El derecho a aprobar

Gisela Derpic
Gisela Derpic

Hace pocos días han hecho noticia los reclamos de padres de estudiantes de último año de bachillerato en distintas ciudades del país por la reprobación de sus hijos en alguna asignatura, inviabilizando esto su ansiada “promoción”. El caso suscitado en Tarija bien puede ilustrar en general lo acontecido. Dice El País (07|12|23): “Huelga de hambre en Tarija: Padres exigen aprobar a sus hijos de sexto de secundaria. Nueve estudiantes del Colegio Belgrano reprobaron el año”. No obstante, "por presión social y por humanidad con las madres que se declararon en huelga de hambre se autorizó al director poder cambiar las notas por notas de aprobación”.

Al día siguiente, La Razón amplió detalles del caso: “Las movilizadas acusaron a la profesora de la materia de física; afirman que los ejercicios planteados en el examen no fueron explicados de forma debida. El director del colegio señaló que se les dio tres oportunidades adicionales para dar el examen”.  A estas alturas se sabe que finalmente el director fue inhumano y los pobrecillos y sus familias se quedaron con las ganas de festejar.

Este no es un caso aislado ni nuevo y se presenta también en instituciones de formación “superior”; en especial tratándose de las pruebas de ingreso a las universidades, provocando conflictos de distinta duración y gravedad con los padres de los reprobados. Es pues una problemática compleja de singular relevancia considerando la correlación entre educación y desarrollo integral de la sociedad. Con tal base, se justifica una reflexión pertinente que procure llegar al fondo de la situación.

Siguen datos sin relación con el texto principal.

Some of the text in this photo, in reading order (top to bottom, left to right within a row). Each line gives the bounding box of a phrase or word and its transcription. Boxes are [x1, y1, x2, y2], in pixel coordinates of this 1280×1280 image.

¿Qué hay por detrás? La metamorfosis del derecho a la educación en el derecho a la aprobación resultado de las políticas oficiales aplicadas en materia de evaluación y promoción, pues es sabido que los niños son promovidos automáticamente y si un maestro reprueba a un adolescente de secundaria es sospechoso de mal desempeño docente, siendo sometido a proceso de corte inquisitorial para demostrar que hizo todo lo posible para evitar que el estudiante repruebe, incluyendo clases extra, tareas y exámenes recuperatorios sin límite, estudio socioeconómico y psicológico de su familia.

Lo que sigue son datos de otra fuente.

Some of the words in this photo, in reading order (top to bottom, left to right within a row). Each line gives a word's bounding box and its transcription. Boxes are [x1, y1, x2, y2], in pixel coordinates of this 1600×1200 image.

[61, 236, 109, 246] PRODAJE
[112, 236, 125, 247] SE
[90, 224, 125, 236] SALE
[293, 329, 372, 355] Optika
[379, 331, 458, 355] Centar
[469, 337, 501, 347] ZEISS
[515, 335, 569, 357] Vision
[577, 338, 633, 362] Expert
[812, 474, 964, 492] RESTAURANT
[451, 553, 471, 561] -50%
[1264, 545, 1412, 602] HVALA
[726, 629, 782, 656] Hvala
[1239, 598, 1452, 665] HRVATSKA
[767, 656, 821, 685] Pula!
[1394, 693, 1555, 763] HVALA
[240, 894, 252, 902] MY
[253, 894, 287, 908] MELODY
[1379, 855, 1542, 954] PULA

Ese profesor es acusado de discriminación, agredido verbalmente cuando no golpeado por el grupo familiar del reprobado, difamado a través de redes sociales y denunciado ante autoridades incluso policiales y judiciales, con grandes probabilidades de no salir airoso y verse obligado a “dar otra oportunidad” (léase: “a aprobar”). Tal contexto ha ido disuadiendo al profesorado de evaluar y calificar objetiva y fundadamente a los estudiantes que no aprenden, para evitarse tales problemas. Siendo así, no hay proceso formativo alguno sino una simulación con un resultado positivo cantado de antemano: la nota de aprobación general, desapareciendo los incentivos a la dedicación al estudio, tomando cuerpo la consigna del menor esfuerzo. En suma: la debacle.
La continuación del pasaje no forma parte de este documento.